2. Begin this lesson with a general discussion of what students already know about The Declaration of Independence.
This discussion could be guided by a Know-Want To Know-Learned chart.
3. Introduce Using Rhetorical Strategies for Persuasion
as fit for your class needs. You could present the information on an overhead for note taking or distribute a condensed form of this document in a handout. Emphasize the importance of recognizing ethos, pathos and logs in an argument.
4. Ask students to take a sheet of their own paper and divide it into three columns. Write the words "Ethos," "Pathos," and "Logos" at the top of the paper, one per column.
5. Read the document aloud or ask for a student volunteer, guiding students to look for instances of ethos, pathos and logos in the document.
6. Ask students to read the piece again silently, filling in the chart to the best of their abilities.
7. When students have finished, ask for volunteers to share their charts.
8. Then, ask students to turn the charts over and brainstorm counter-arguments for Jefferson's claims.

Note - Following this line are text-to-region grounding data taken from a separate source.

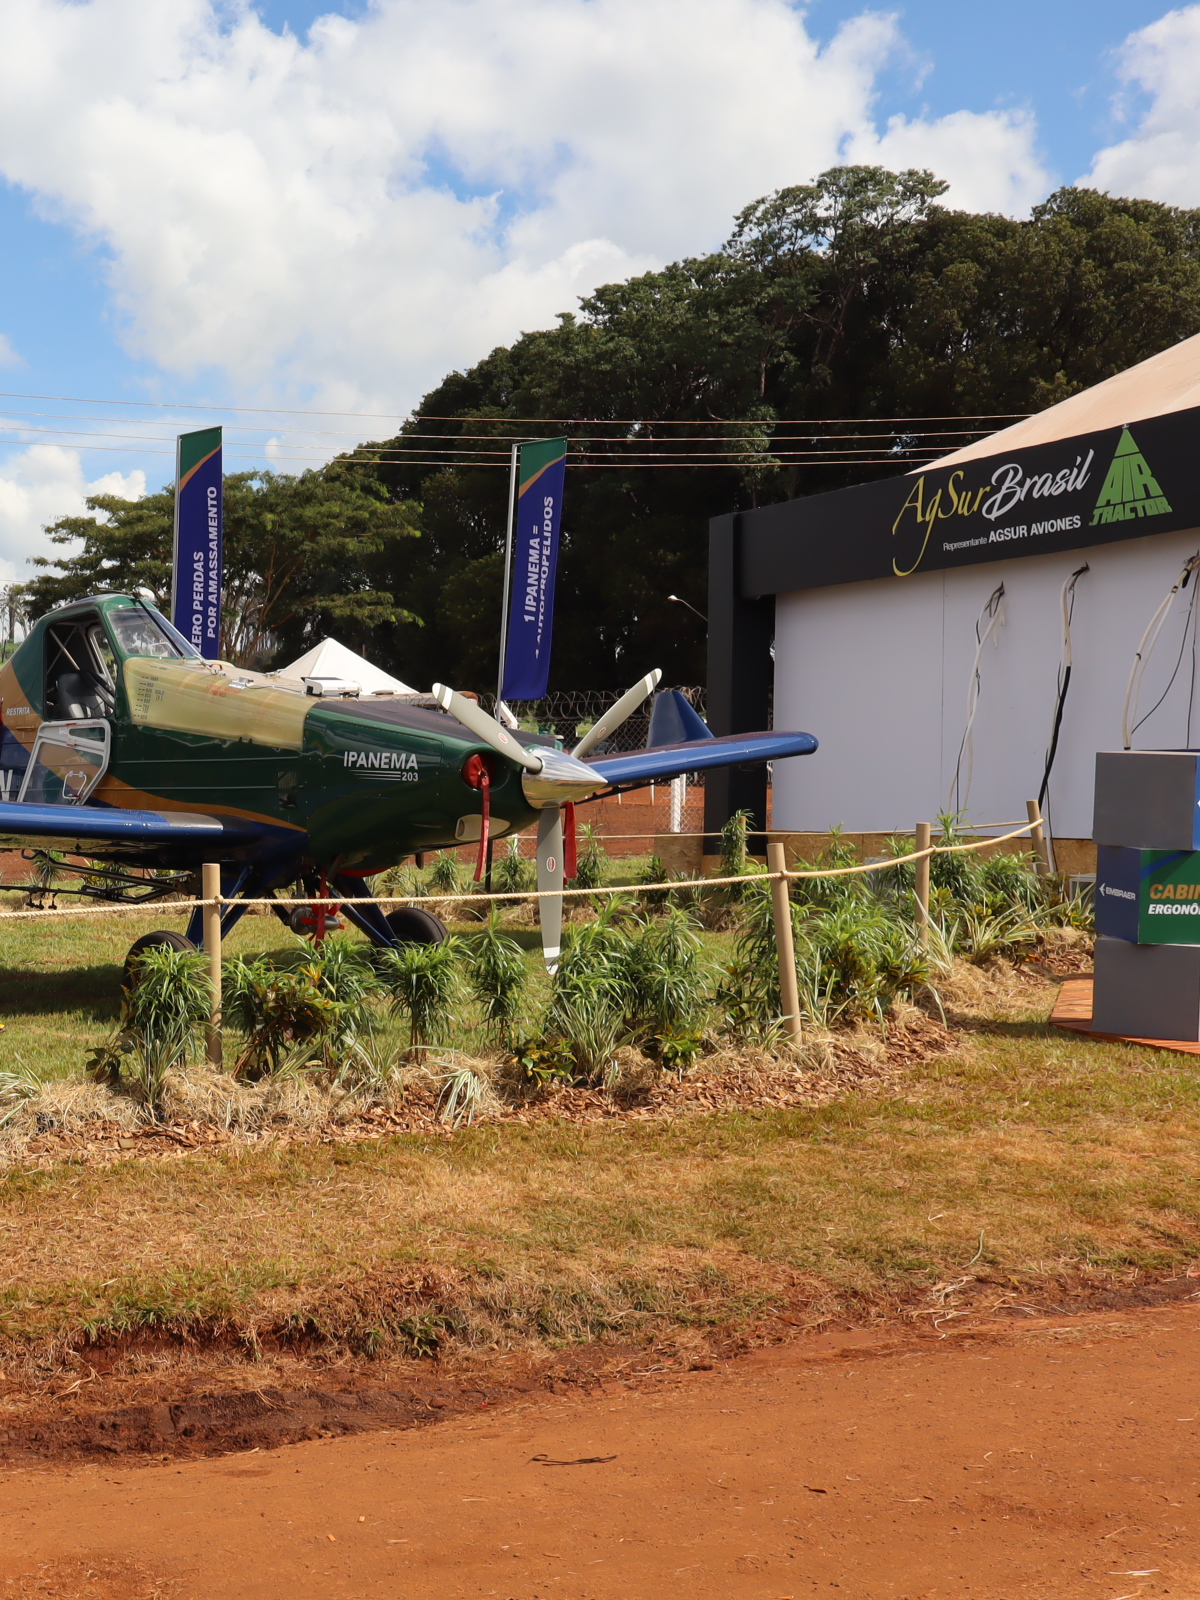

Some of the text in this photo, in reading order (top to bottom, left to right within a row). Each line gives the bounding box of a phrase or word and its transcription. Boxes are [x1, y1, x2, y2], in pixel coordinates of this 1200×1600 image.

[1090, 496, 1173, 525] TRACTOR
[943, 515, 1081, 551] Representante AGSUR AVIONES
[207, 486, 218, 638] POR AMASSAMENTO
[193, 551, 204, 611] PERDAS
[525, 538, 540, 612] IPANEMA
[524, 614, 535, 622] 1
[6, 707, 30, 715] RESTRITA
[344, 751, 418, 770] IPANEMA
[402, 772, 418, 781] 203
[1106, 888, 1136, 900] EMBRAER
[1148, 902, 1200, 915] ERGONÔ

What would the King of England say in response? Students must use rhetorical strategies that counter Jefferson's argument and they must be able to explain the use of those strategies.
9. Divide students into groups and ask them to write a one-page response from the King of England. Present to class.
The chart can be take up for a daily grade. Students can be evaluated for their comprehension and completion of the king's response.